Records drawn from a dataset
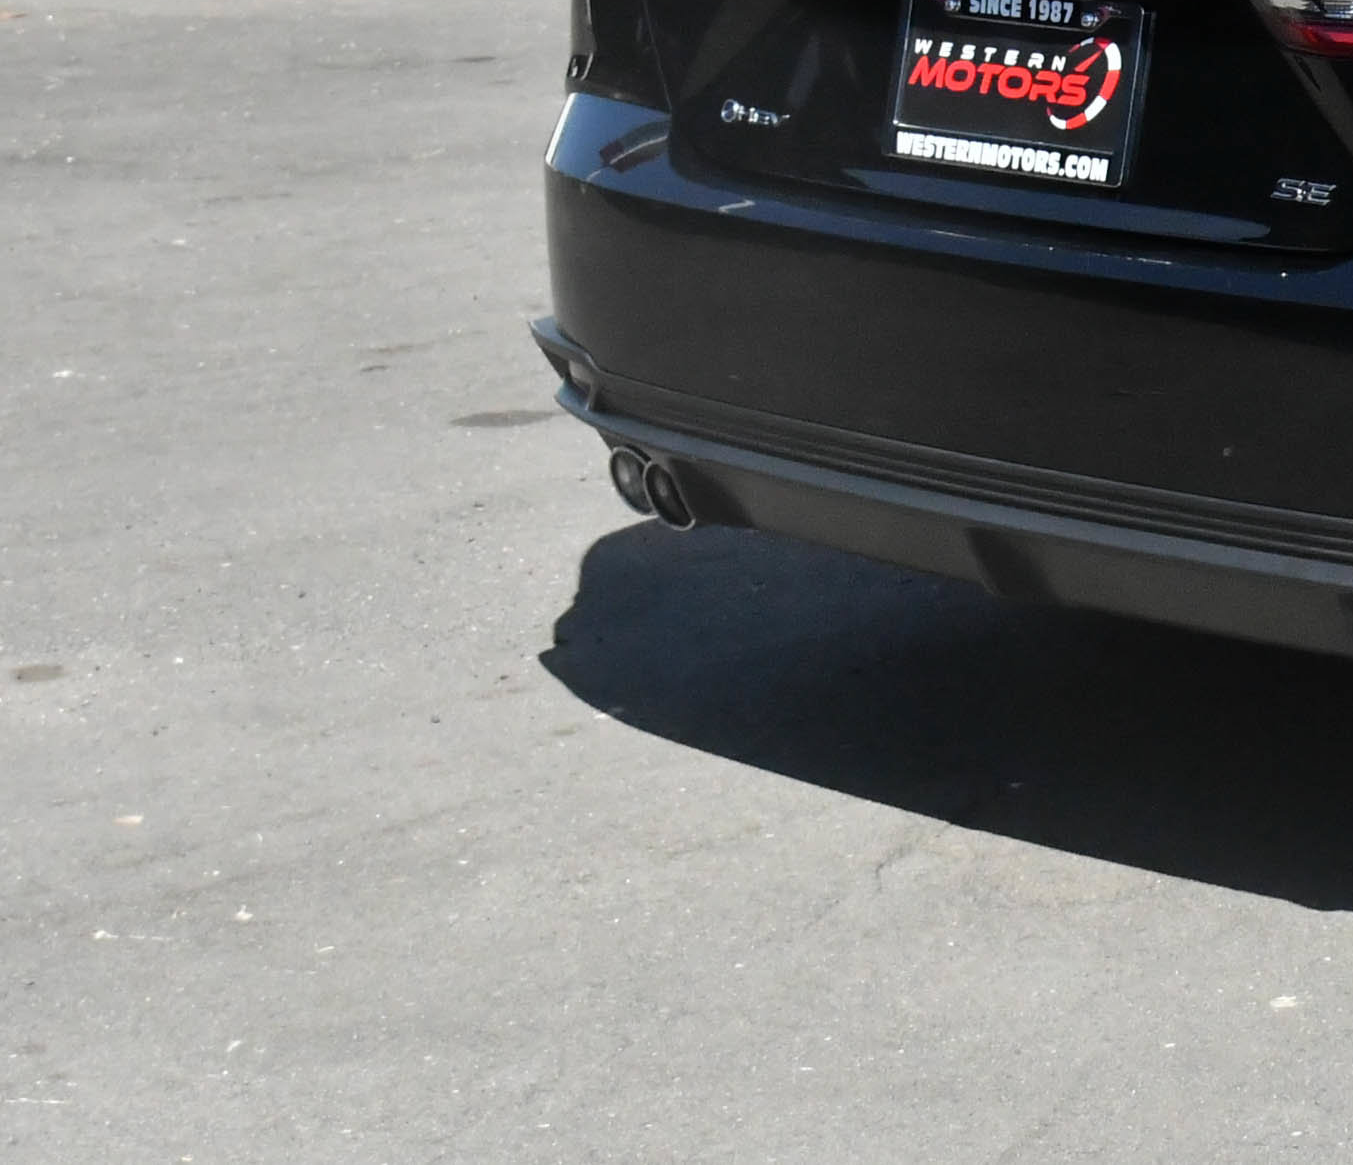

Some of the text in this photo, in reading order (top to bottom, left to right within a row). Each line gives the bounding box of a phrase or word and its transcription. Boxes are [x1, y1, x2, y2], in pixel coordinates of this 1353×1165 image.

[914, 38, 1067, 72] WESTERN
[908, 54, 1090, 107] MOTORS
[896, 131, 1110, 182] WESTERNMOTORS.COM
[1270, 178, 1337, 206] SE
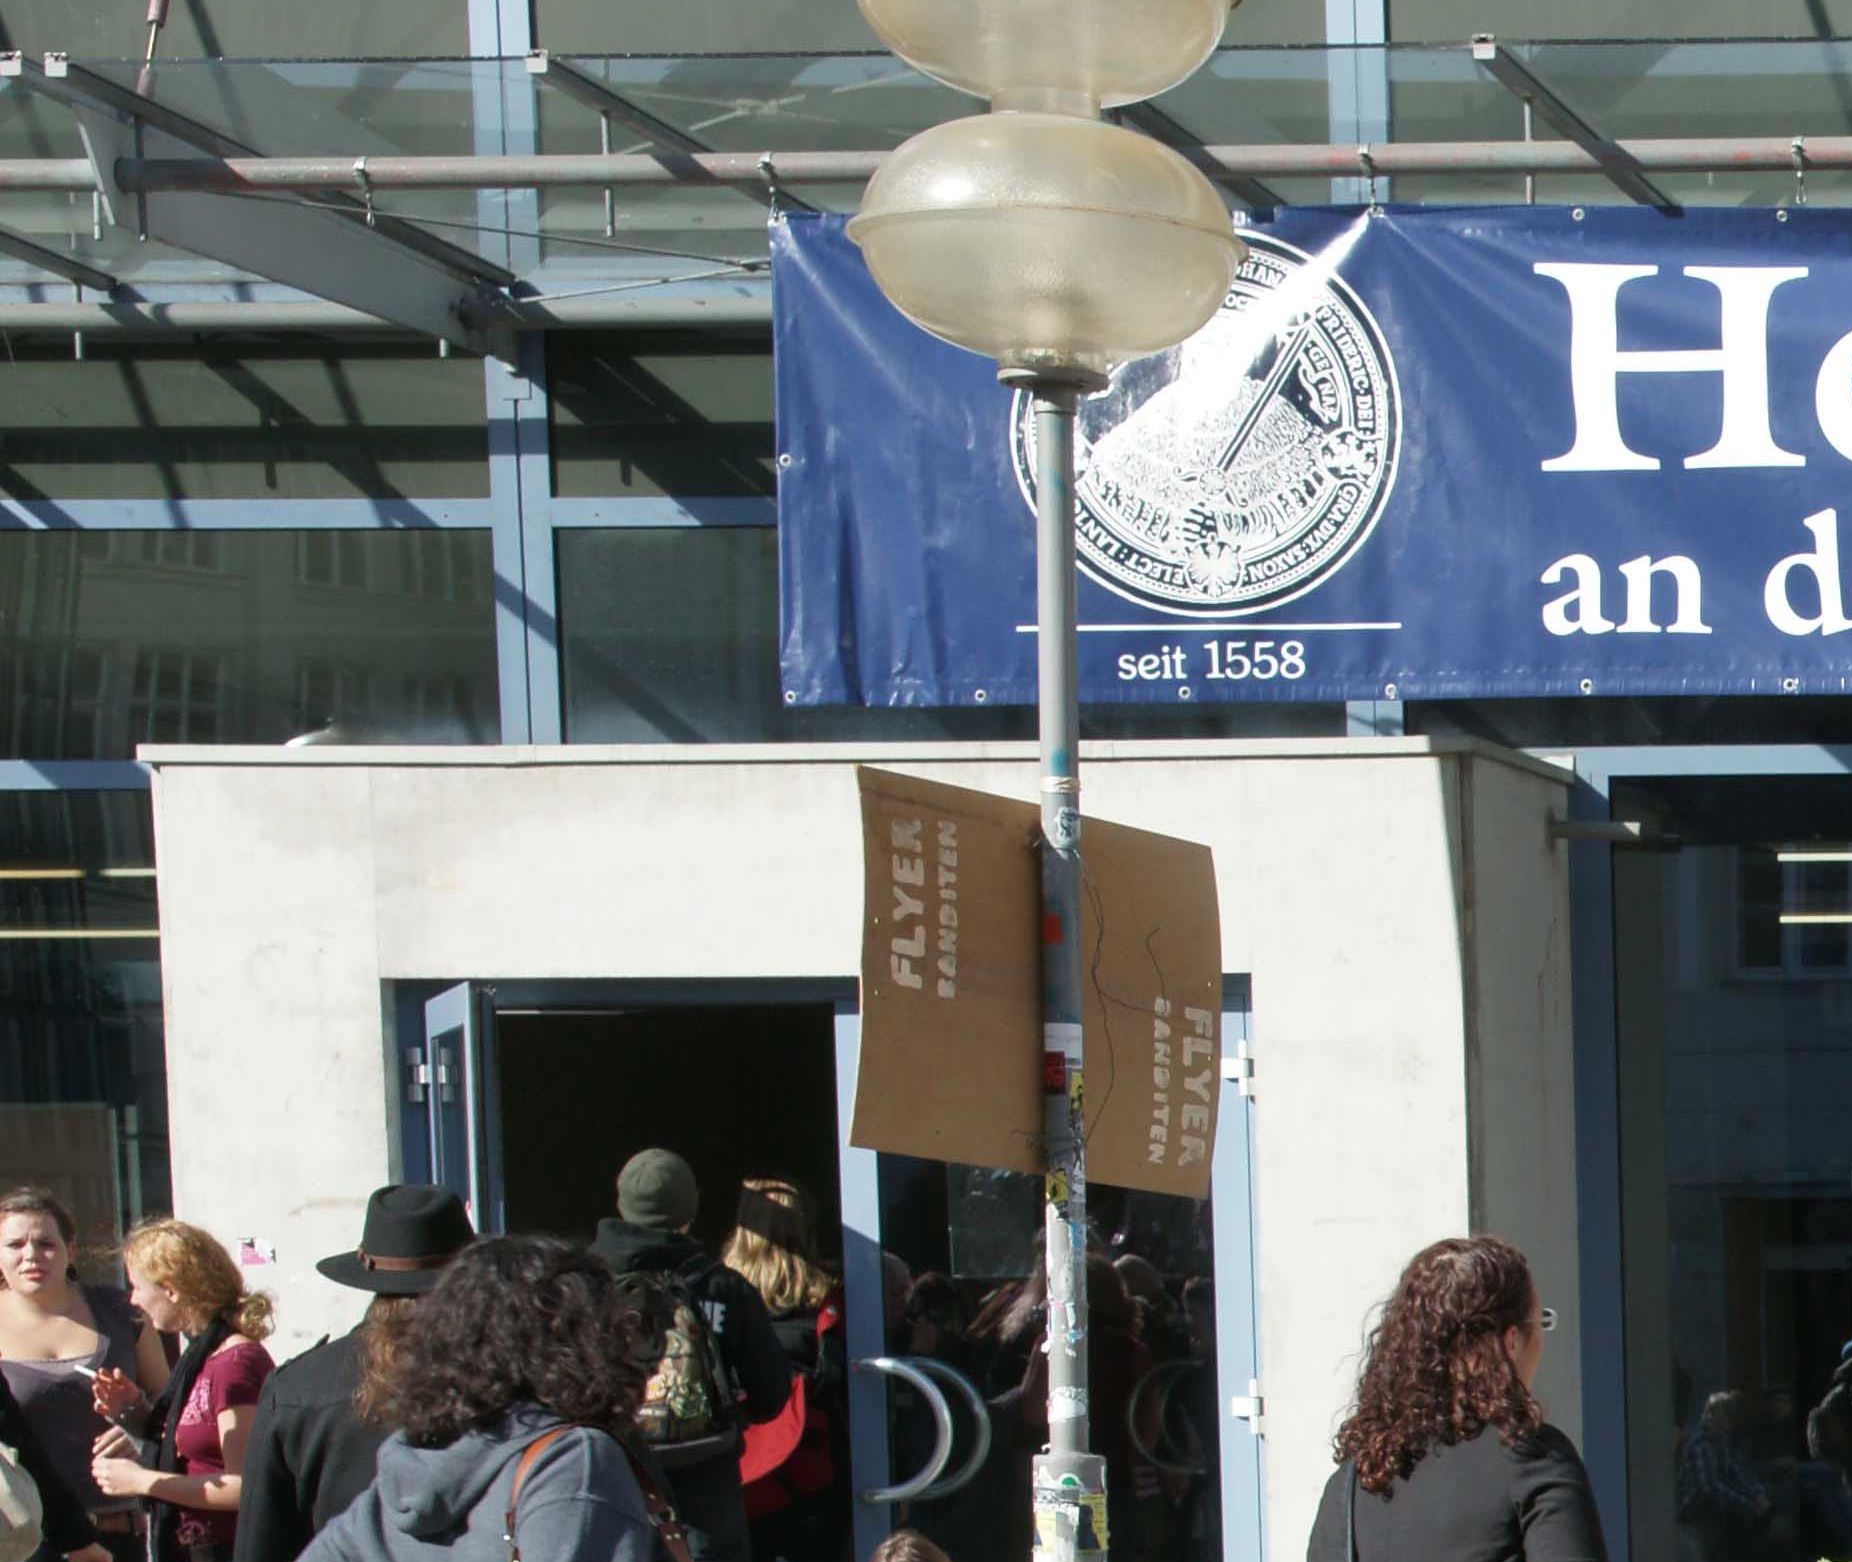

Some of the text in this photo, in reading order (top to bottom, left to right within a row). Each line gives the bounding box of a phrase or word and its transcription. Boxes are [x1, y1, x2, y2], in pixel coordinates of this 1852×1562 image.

[1541, 554, 1713, 636] an
[1117, 640, 1306, 680] seit 1558
[890, 818, 926, 989] FLYER
[1179, 1006, 1213, 1166] FLYER

• _Task brief_
When you copy the data above, keep each line exact and omit the pictures.

• _Answer to this exercise_
Some of the text in this photo, in reading order (top to bottom, left to right within a row). Each line gives the bounding box of a phrase or word and its transcription. Boxes are [x1, y1, x2, y2], in pixel coordinates of this 1353×1165 image.

[914, 38, 1067, 72] WESTERN
[908, 54, 1090, 107] MOTORS
[896, 131, 1110, 182] WESTERNMOTORS.COM
[1270, 178, 1337, 206] SE

Some of the text in this photo, in reading order (top to bottom, left to right within a row). Each line gives the bounding box of a phrase or word and its transcription. Boxes are [x1, y1, x2, y2], in pixel coordinates of this 1852×1562 image.

[1541, 554, 1713, 636] an
[1117, 640, 1306, 680] seit 1558
[890, 818, 926, 989] FLYER
[1179, 1006, 1213, 1166] FLYER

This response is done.